TWA flight 424 was scheduled to leave O’Hare Airport about 4:45 in the afternoon. Mrs. Suarez was released from the hospital at 2:00 P.M. on September 7, was driven to the airport by a nurse, and arrived at the airport about 3:00 P.M. The nurse procured the assistance of TWA skycap Frederick Rolland who brought a wheelchair to the automobile where he and the nurse assisted Mrs. Suarez into the chair. Mr. Rolland wheeled Mrs. Suarez to the line in front of the TWA ticket counter and stayed with her until she reached the ticket agent, Judy Keri. He told Mrs. Keri to let him know when she was finished- with Mrs. Suarez and he would *614then return and take Mrs. Suarez out to the departure gate.

Mrs. Keri testified that after Mrs. Suarez identified herself, she confirmed that she had a reservation but she had no advance information about her being ill or that she would arrive in a wheelchair. She then prepared a ticket, took the American Express card from Mrs. Suarez and had Mrs. Suarez sign the receipt, but her signature did not match that of Mr. Suarez on the card.

Mrs, Suarez testified that Mrs. Keri said, “I can’t take this card. It is not made out to you. I have no proof that you are Mrs. Suarez.” Mrs. Suarez answered: “I just got out of the hospital. I have been ill. I have my card. I have proof I am Mrs. Suarez. I have used it many times, before and I see no problem.” Mrs. Keri said: “I don’t know that your American Express bill is even paid.” Mrs.
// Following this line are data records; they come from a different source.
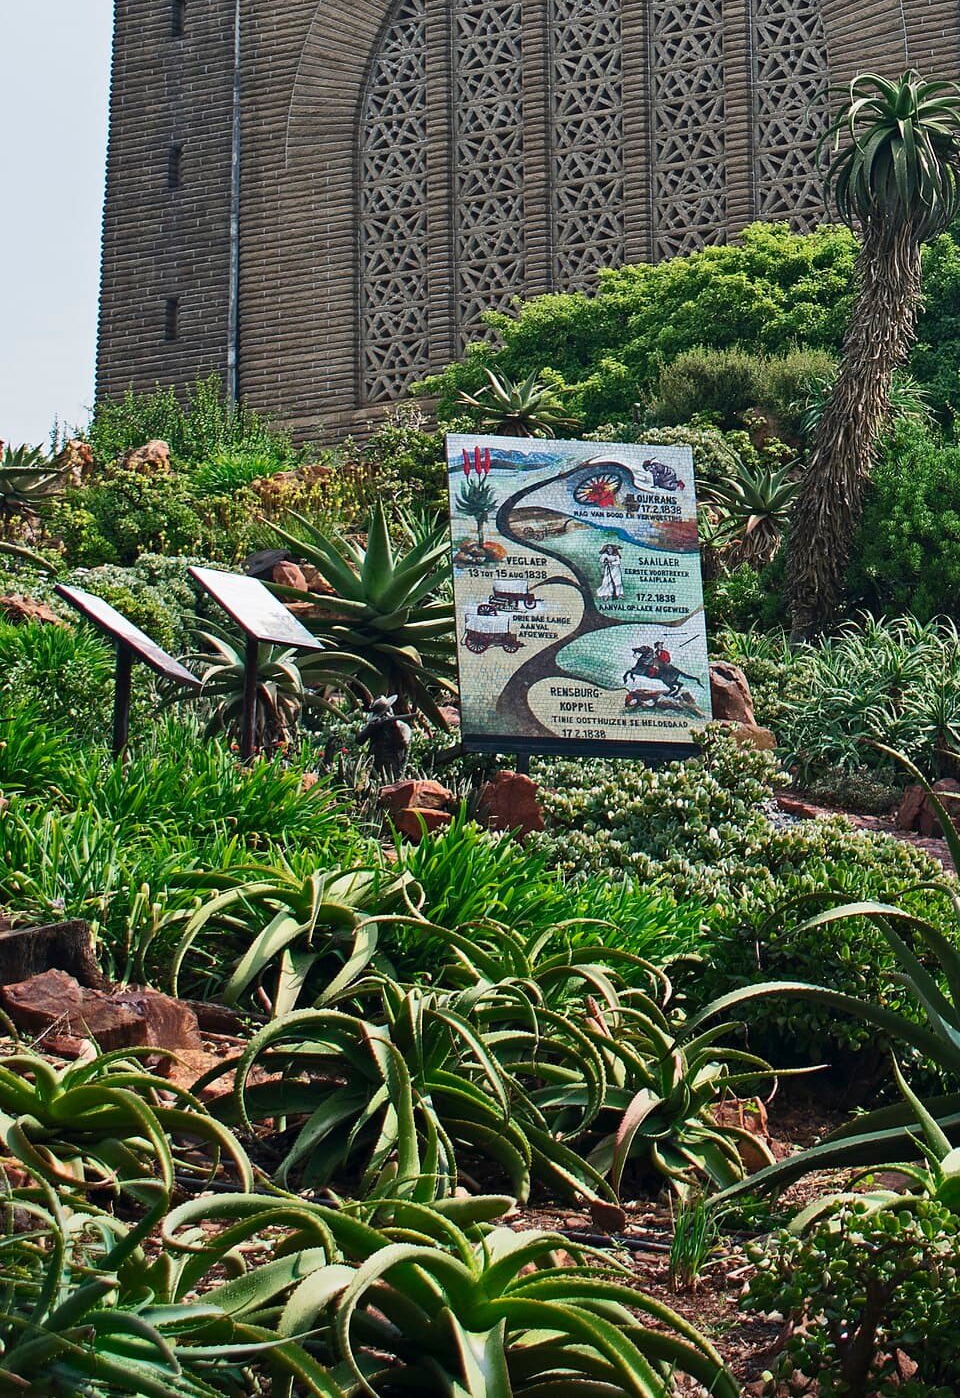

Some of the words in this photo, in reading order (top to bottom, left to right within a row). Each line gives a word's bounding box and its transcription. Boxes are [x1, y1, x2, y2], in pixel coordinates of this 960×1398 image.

[506, 556, 547, 566] VEGLAER
[638, 557, 680, 567] SAAILAER
[468, 568, 479, 578] 13
[496, 569, 507, 578] 15
[525, 570, 547, 579] 1838
[624, 568, 648, 576] EERSTE
[636, 593, 676, 603] 17.2.1838
[547, 616, 571, 625] LANGE
[518, 631, 559, 639] AFGEWEER
[550, 687, 602, 698] RENSBURG-
[560, 701, 595, 712] KOPPIE
[576, 716, 627, 726] OOSTHUIZEN
Suarez replied: “Well, I even have proof of that.” Mrs. Suarez said that Mrs. Keri was very irritated, became abusive and spoke in a louder than normal tone. A line had formed behind her.

According to Mrs. Keri, Mrs. Suarez then requested Mrs. Keri to telephone someone at American Express and ask that person to telephone her husband. Mrs. Keri telephoned someone at American Express but that person refused to check with Mr. Suarez. Mrs. Keri then sought the aid of her TWA supervisor, Mrs. Mary LeBaron, who explained to Mrs. Suarez that TWA could not issue the ticket.

Mrs. Suarez then asked Mr. Rolland to take her to a telephone to call her husband. Rolland noticed that she was crying when she spoke to her husband and he asked Mrs. LeBaron to help her, but apparently she did nothing to attempt to solve the problem.

Then as stated in plaintiffs’ brief, “Mrs. Suarez was left to sit alone in the wheelchair in the crowded, noisy Labor Day lobby for almost two hours, not knowing what her status was.”

In the meantime, Mr. Suarez called TWA and reached a supervisor in Philadelphia, who suggested a prepaid ticket which Mr. Suarez procured. The supervisor called Mr. Suarez back later and informed him that the prepaid ticket had reached O’Hare Airport but that TWA personnel could not find Mrs. Suarez. This was despite the fact that Mr. Rolland checked on Mrs. Suarez from time to time and, after Mr. Suarez had informed her of the prepaid ticket arrangement, he took her back to the general vicinity of the TWA ticket counter.

Finally about two hours later, Miss Carol White, a TWA ground hostess, saw Mrs. Suarez sitting alone in the wheelchair in the airport lobby and told her about the receipt of the prepaid ticket but that she had missed her flight. Hearing this, Mrs. Suarez stood up in the wheelchair, suffered a heart attack and collapsed. An ambulance was summoned and she was taken to the hospital.

A cause of action based upon negligence and wilful and wanton conduct resulted in a jury verdict in favor of TWA.

II

The appeal is based solely on the failure to give certain, and the giving of certain other, instructions.

The district court refused to give the following instructions requested by the plaintiffs:

At the time of the occurrence in question, the defendant TWA was a common carrier. A common carrier is not a guarantor of its passengers' safety. But it has a duty to its passengers to use the highest degree of care consistent with the mode of conveyance used and the practical operation of its business as a common carrier by air.
It was the duty of the defendant . before and at the time of *615the occurrence to use the highest degree of care for the safety of the plaintiff.
When a carrier is aware that a passenger is physically disabled or infirm so that the hazards of travel are increased as to her, it is the duty of the carrier to provide that additional care which the circumstances reasonably require.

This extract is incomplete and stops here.